A poche settimane dagli scandali che hanno travolto la Regione Lazio, facendo prendere alla governatrice Polverini la decisione di dimettersi, è giunto il turno della Lombardia. Lunedì Formigoni presenterà la nuova giunta. Poi, entro Natale, ci saranno nuove elezioni. Sarà un caso che tutto è accaduto in così poco tempo? Non lo è. E neppure il fatto che, da un anno a questa parte, l’Italia è governata da una compagine tecnica insediatasi al posto di un esecutivo indicato da un Parlamento eletto dal popolo. Secondo il direttore de Gli altri, Piero Sansonetti, non si può parlare di complotto. Ma di un disegno lucido con attori ben noti che operano in maniera poco trasparente, sì.
Direttore, che idea si è fatto di tutta la vicenda?
Mi pare evidente che quella contro Formigoni sia un’operazione squisitamente politica.
Orchestrata da chi?
Partiamo dal presupposto che la caduta di Berlusconi, al di là di come si concluderanno le sue personali vicende giudiziarie e del ruolo che si ritaglierà in futuro, c’è stata. E ha comportato una cambio della guardia, un terremoto, anzi, ai vertici della borghesia italiana della quale, dal 1994, aveva assunto la leadership.
Non crede che si debba parlare di un potere a sé, comprendente buona parte dei salotti buoni e della finanza italiana?
Su questo non c’è dubbio. Ma sta di fatto che il comando, in questi anni, lo ha avuto lui. In molti, tra cui Fiat, Mediobanca o tutta la borghesia piemontese, non l’hanno mai sopportato, questo è vero. Ma l’hanno subìto. Ora, quindi, venuta meno la sua leadership, si è verificata una liberazione di forze che intendono modificare i rapporti di potere, e assumere la guida della borghesia e della politica italiana.
Torniamo alla Lombardia.
…Naturalmente, questo produce contraccolpi molto forti. Specialmente in Lombardia dove, assieme al Piemonte, risiede il gotha della borghesia italiana. La riapertura di questi giochi rimette in discussione tutte le interfacce politiche. Era inevitabile che un personaggio come Formigoni che, per 17 anni è stato il capo della borghesia lombarda, sarebbe stato il primo ad essere fatto fuori dopo Berlusconi.
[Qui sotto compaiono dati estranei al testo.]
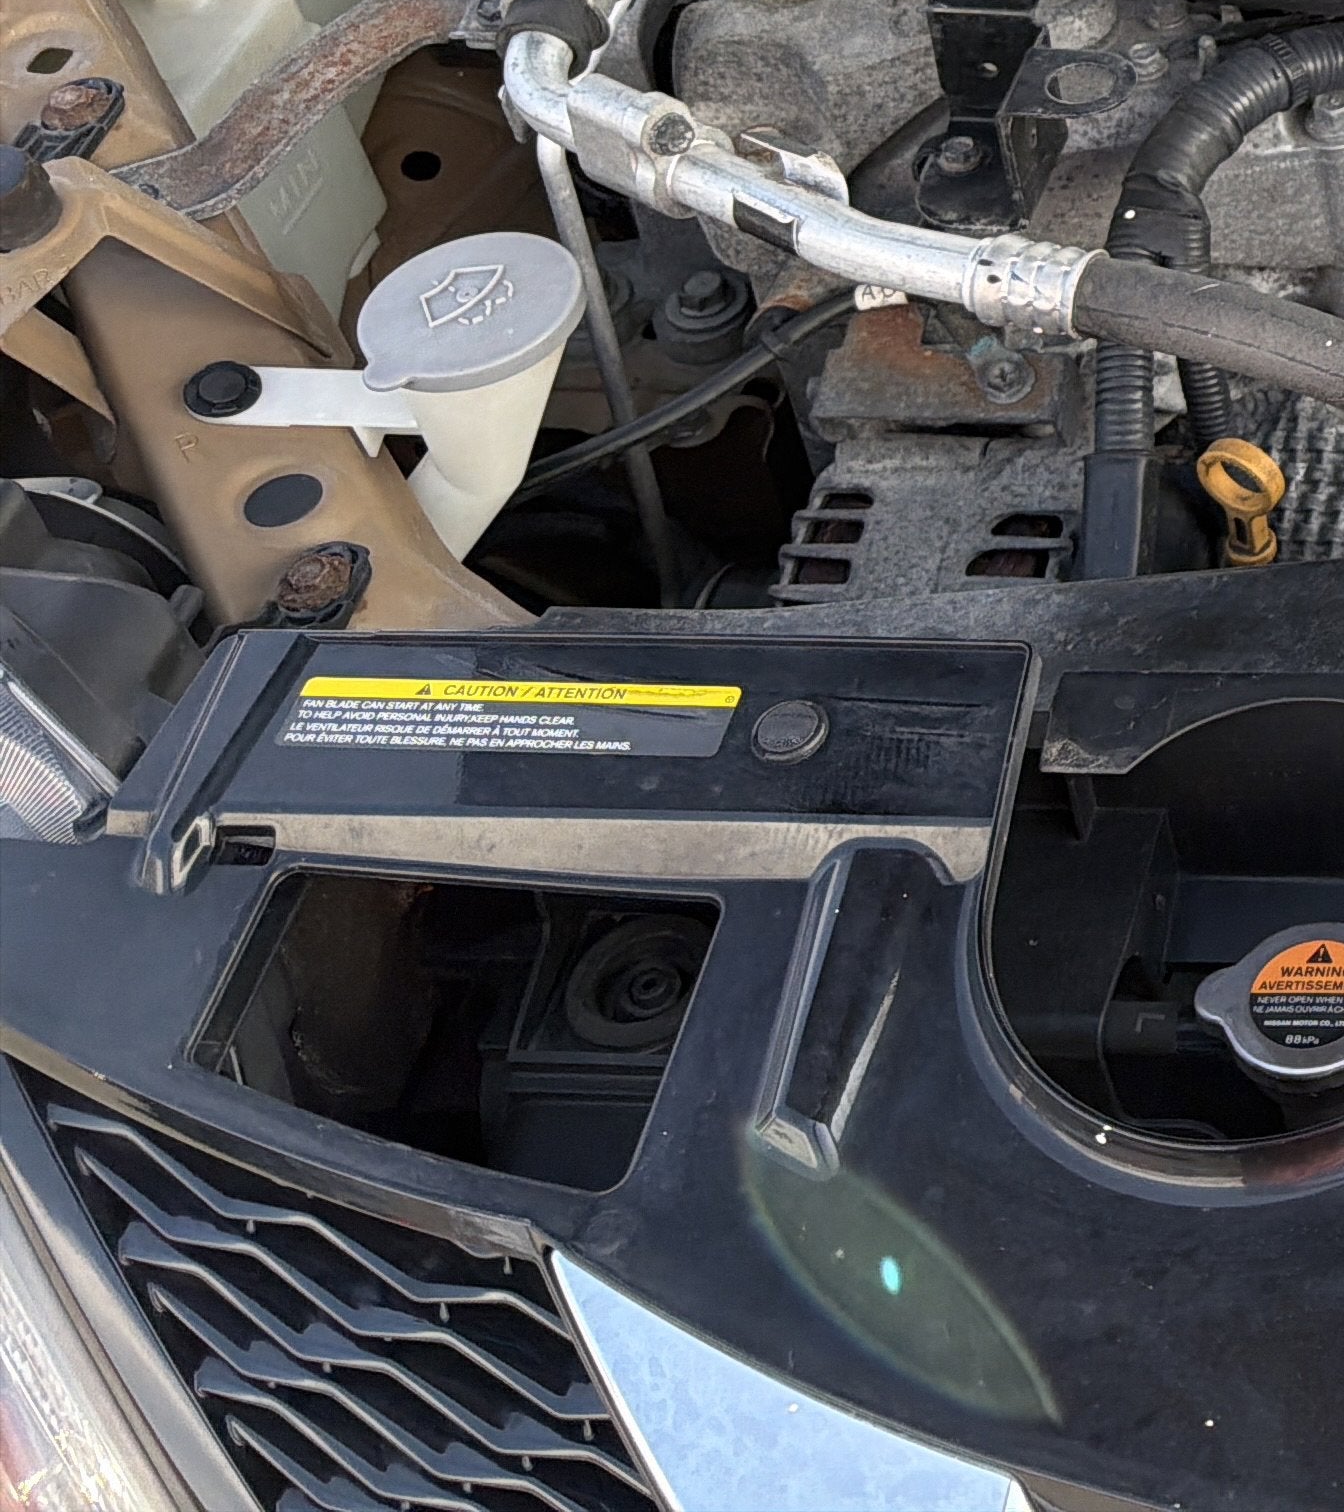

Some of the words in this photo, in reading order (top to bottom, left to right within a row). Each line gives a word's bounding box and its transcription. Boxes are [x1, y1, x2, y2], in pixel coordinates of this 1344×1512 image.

[443, 684, 519, 698] CAUTION
[536, 687, 628, 700] ATTENTION
[303, 699, 324, 709] FAN
[325, 700, 361, 709] BLADE
[361, 700, 385, 710] CAN
[385, 701, 419, 710] START
[420, 702, 434, 711] AT
[433, 702, 457, 711] ANY
[460, 703, 485, 712] TIME.
[298, 710, 313, 719] TO
[315, 711, 343, 719] HELP
[342, 711, 376, 721] AVOID
[377, 712, 433, 722] PERSONAL
[499, 715, 537, 724] HANDS
[538, 716, 575, 725] CLEAR.
[290, 722, 304, 731] LE
[306, 723, 374, 733] VENTILATEUR
[375, 724, 415, 734] RISQUE
[416, 725, 431, 734] DE
[432, 724, 492, 735] DÉMARRER
[492, 725, 501, 735] À
[503, 727, 531, 737] TOUT
[531, 728, 580, 738] MOMENT.
[284, 732, 317, 742] POUR
[318, 732, 354, 744] ÉVITER
[355, 734, 388, 744] TOUTE
[389, 735, 447, 747] BLESSURE,
[449, 737, 464, 746] NE
[466, 737, 489, 747] PAS
[489, 738, 505, 747] EN
[505, 739, 573, 749] APPROCHER
[574, 740, 595, 750] LES
[595, 741, 631, 750] MAINS.
[1257, 996, 1286, 1004] NEVER
[1288, 996, 1313, 1004] OPEN
[1315, 996, 1343, 1004] WHEN
Il conflitto è solo italiano?
Se finora l’ideale democratico e quello europeo erano considerati compatibili e gerarchicamente organizzati, con il primo superiore al secondo, oggi l’ordine è stato capovolto. Il disegno europeo, infatti, prevede un’Europa al di sopra, e non al di sotto o a fianco della democrazia. All’interno di un tale disegno, occorre indebolire gli Stati nazionali e, al loro interno, le Regioni che dispongono di risorse e di una quota importante di sovranità.
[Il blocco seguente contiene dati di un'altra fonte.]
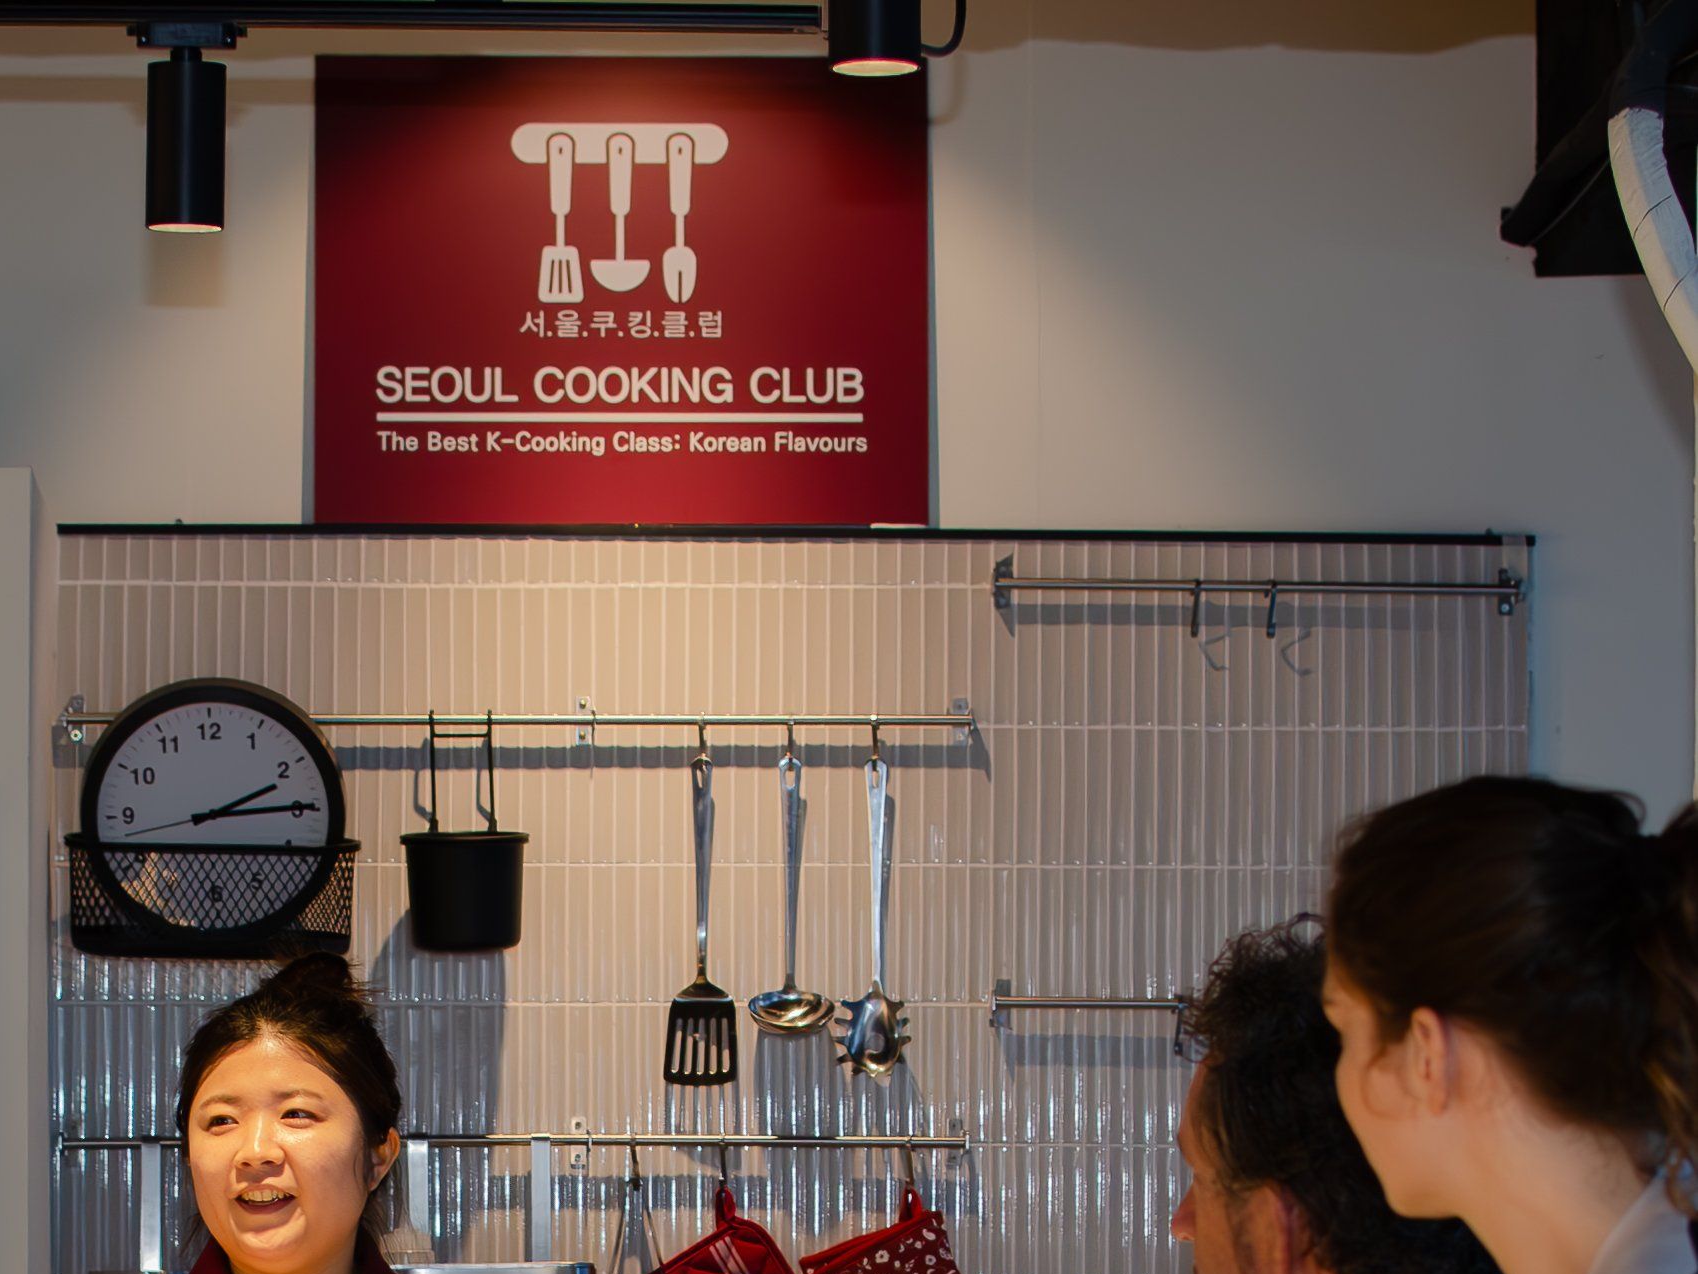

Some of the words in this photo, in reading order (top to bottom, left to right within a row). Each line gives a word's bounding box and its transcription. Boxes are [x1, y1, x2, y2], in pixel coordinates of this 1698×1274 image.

[519, 310, 723, 338] 서.울.쿠.킹.클.럽
[376, 366, 518, 403] SEOUL
[533, 366, 734, 403] COOKING
[750, 366, 865, 403] CLUB
[377, 431, 419, 453] The
[427, 431, 478, 453] Best
[486, 431, 605, 456] K-Cooking
[613, 431, 681, 453] Class:
[690, 431, 766, 453] Korean
[775, 431, 868, 453] Flavours
[197, 722, 221, 740] 12
[158, 735, 179, 753] 11
[246, 732, 256, 750] 1
[130, 767, 155, 785] 10
[277, 761, 290, 779] 2
[122, 807, 135, 824] 9
Che ruolo ha assunto, in questo quadro, la magistratura?
E’ il solito problema della giustizia a orologeria. Non tanto perché vengono decise strategicamente le date delle inchieste e dei processi, quanto perché la magistratura è da tempo estremamente sensibile al mondo dell’informazione: la campagna contro la Lombardia e contro Formigoni è partita prima dai giornali. Del resto, ormai da anni, l’interlocutore della magistratura è la stampa, non più la politica che, al limite, ne subisce le incursioni o cerca di cavalcarne le inchieste.
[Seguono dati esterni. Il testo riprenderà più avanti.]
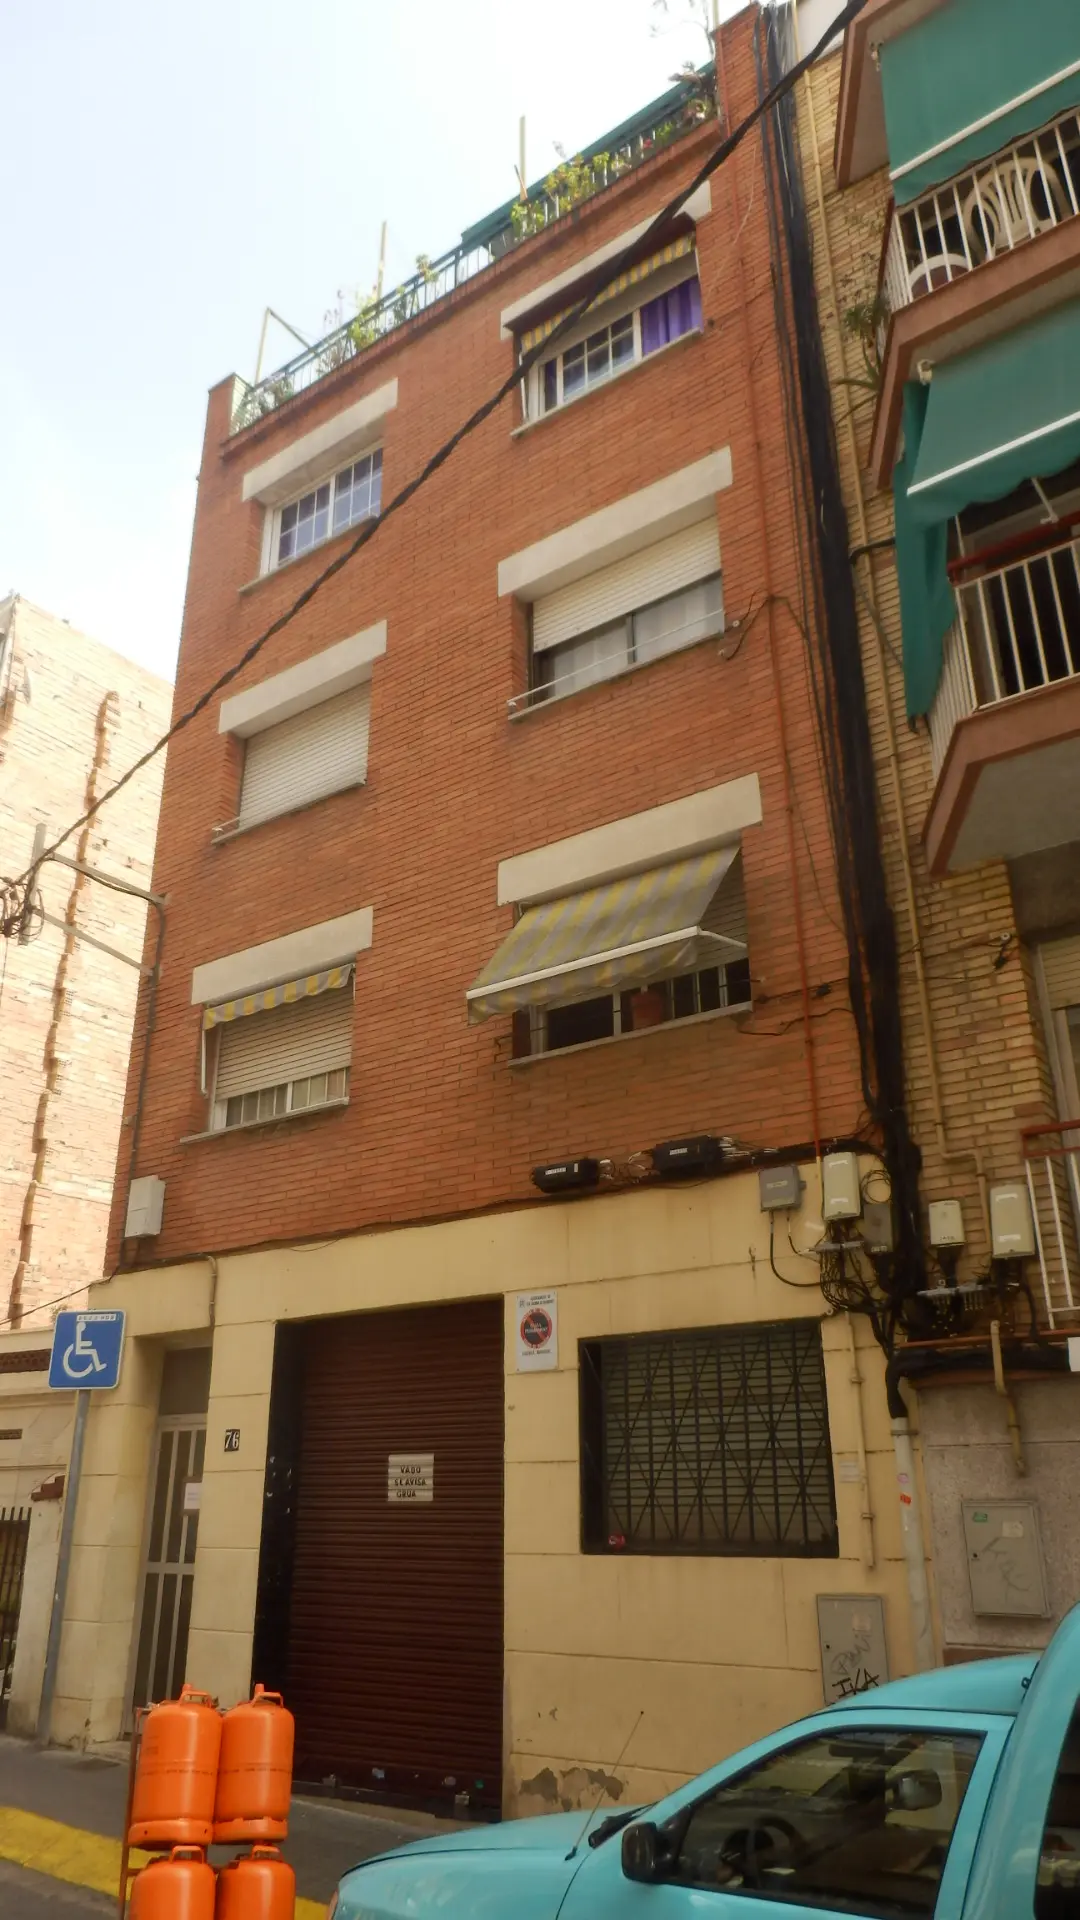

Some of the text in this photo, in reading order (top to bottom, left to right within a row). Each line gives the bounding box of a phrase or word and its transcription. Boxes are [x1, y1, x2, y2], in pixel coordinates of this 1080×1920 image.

[225, 1431, 240, 1449] 76
[400, 1465, 421, 1474] VADO
[405, 1477, 427, 1486] AVISA
[396, 1489, 417, 1498] GRUA
Come sta succedendo in Lombardia?
Per forza. Essendo la magistratura, in Italia, praticamente l’unica titolare dell’iniziativa politica, la sinistra non può fare altro; come, d’altro canto, in molte altre occasioni, la destra. In ogni caso, la sinistra raccoglie quello che può: con quanto sta accadendo nel Lazio e in Lombardia ha avuto due colpi di fortuna enormi; nel primo caso, la sua vittoria è scontata mentre nel secondo, pur avendo molte meno chance di vittoria, guadagnerà parecchio seggi in più in Consiglio.